Record set >>

# # # # #

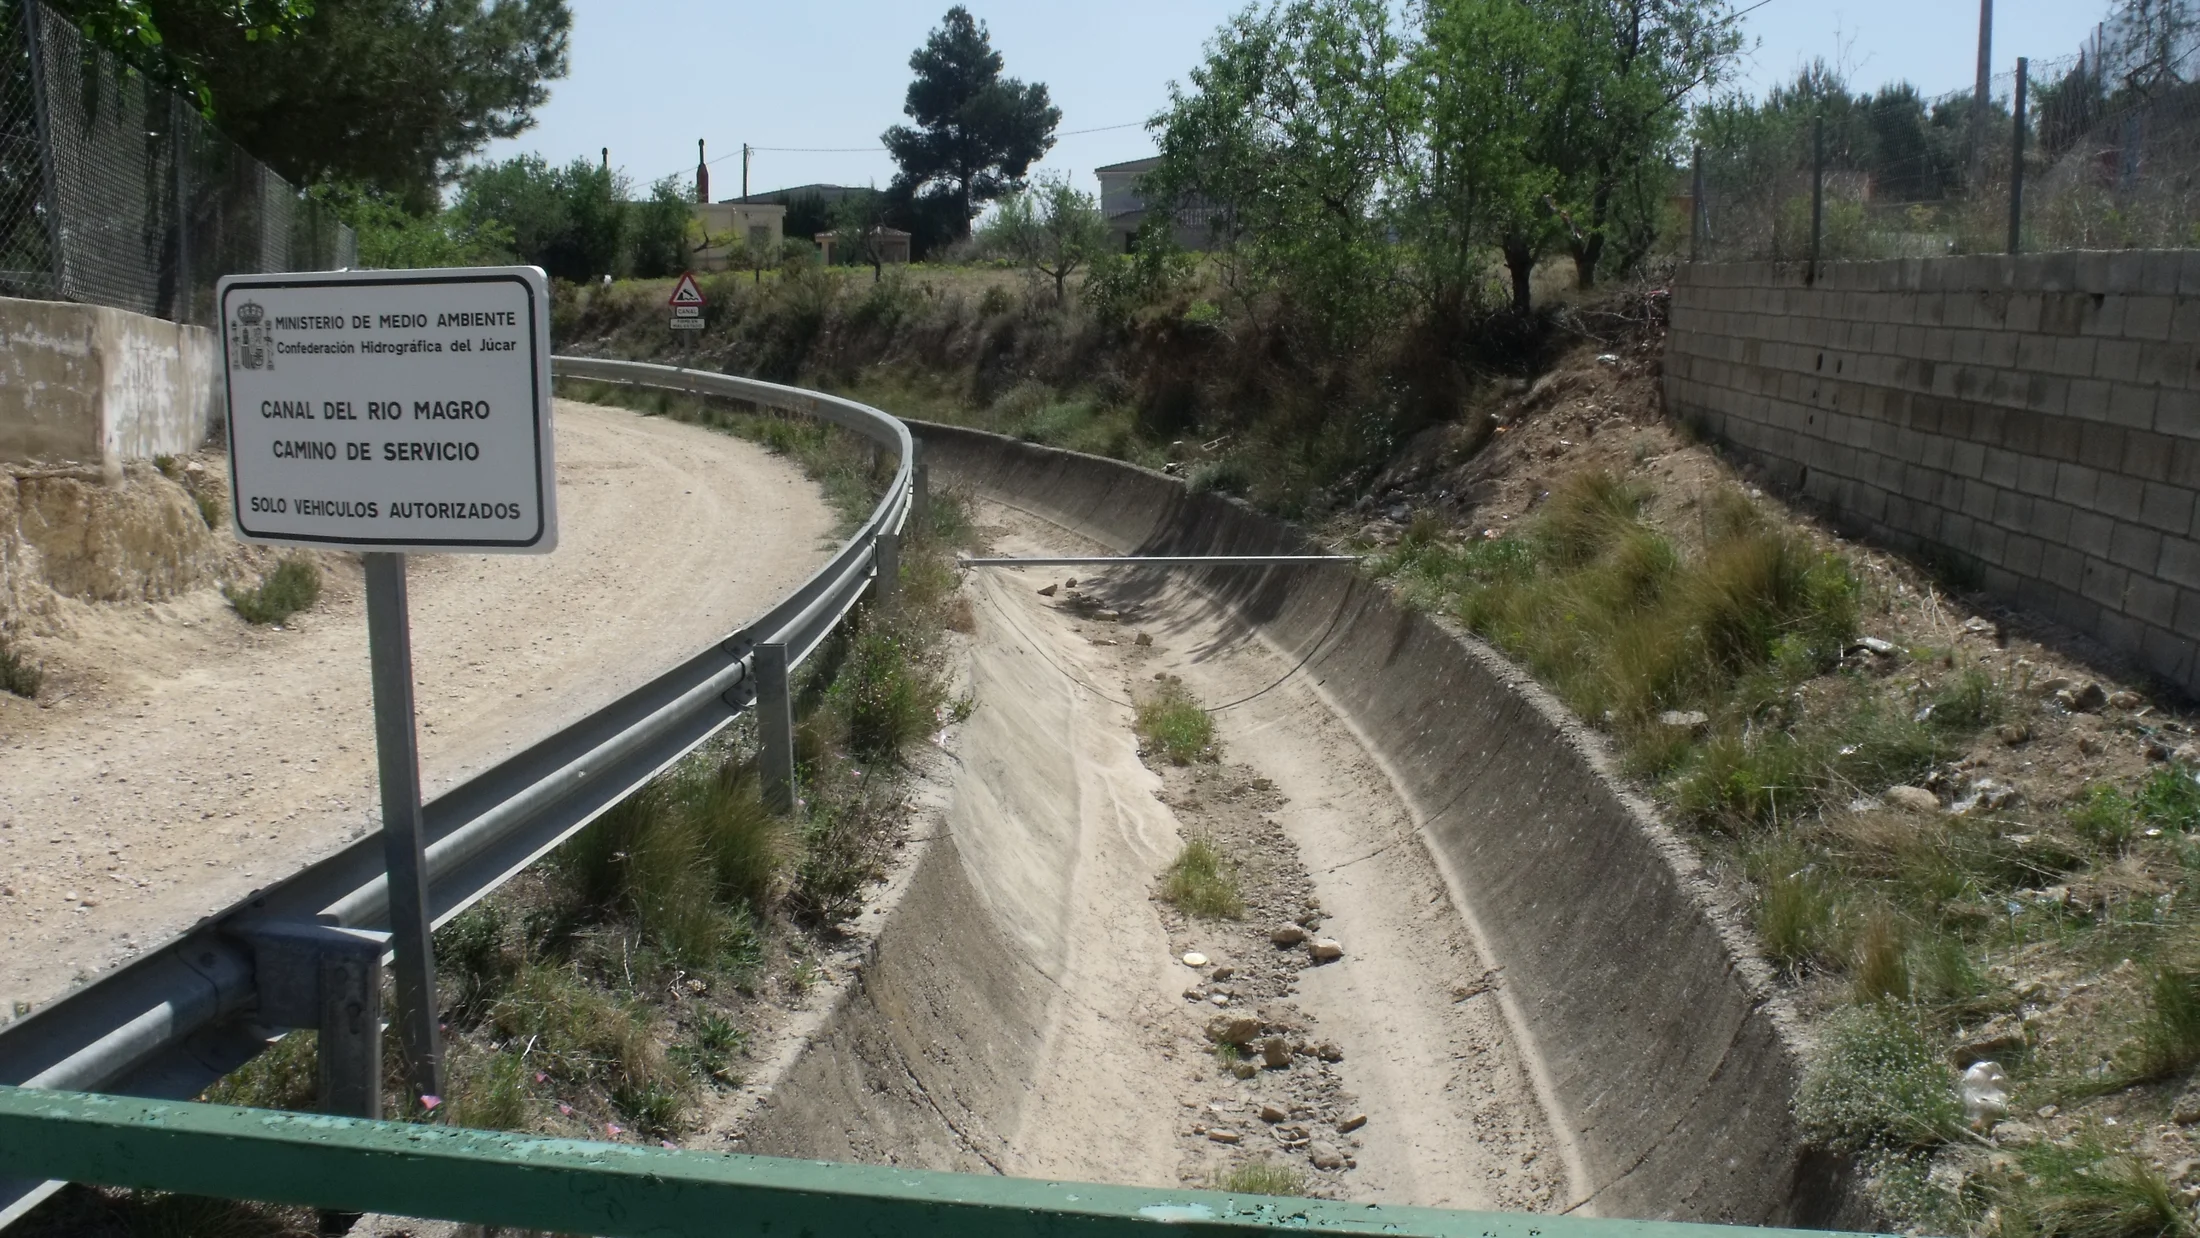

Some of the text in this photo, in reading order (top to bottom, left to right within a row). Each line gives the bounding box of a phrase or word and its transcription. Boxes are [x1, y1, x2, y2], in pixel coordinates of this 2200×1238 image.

[276, 312, 515, 329] MINISTERIO DE MEDIO AMBIENTE
[277, 338, 517, 355] Confederación Hidrográfica del Júcar
[262, 401, 489, 420] CANAL DEL RIO MAGRO
[273, 441, 479, 461] CAMINO DE SERVICIO
[251, 497, 520, 519] SOLO VEHICULOS AUTORIZADOS

# # # # #

Description of the task >>
Word for word, print every record, and leave out any picture.

Solution to this exercise >>
Some of the text in this photo, in reading order (top to bottom, left to right within a row). Each line gives the bounding box of a phrase or word and its transcription. Boxes are [x1, y1, x2, y2], in pixel coordinates of this 2200×1238 image.

[276, 312, 515, 329] MINISTERIO DE MEDIO AMBIENTE
[277, 338, 517, 355] Confederación Hidrográfica del Júcar
[262, 401, 489, 420] CANAL DEL RIO MAGRO
[273, 441, 479, 461] CAMINO DE SERVICIO
[251, 497, 520, 519] SOLO VEHICULOS AUTORIZADOS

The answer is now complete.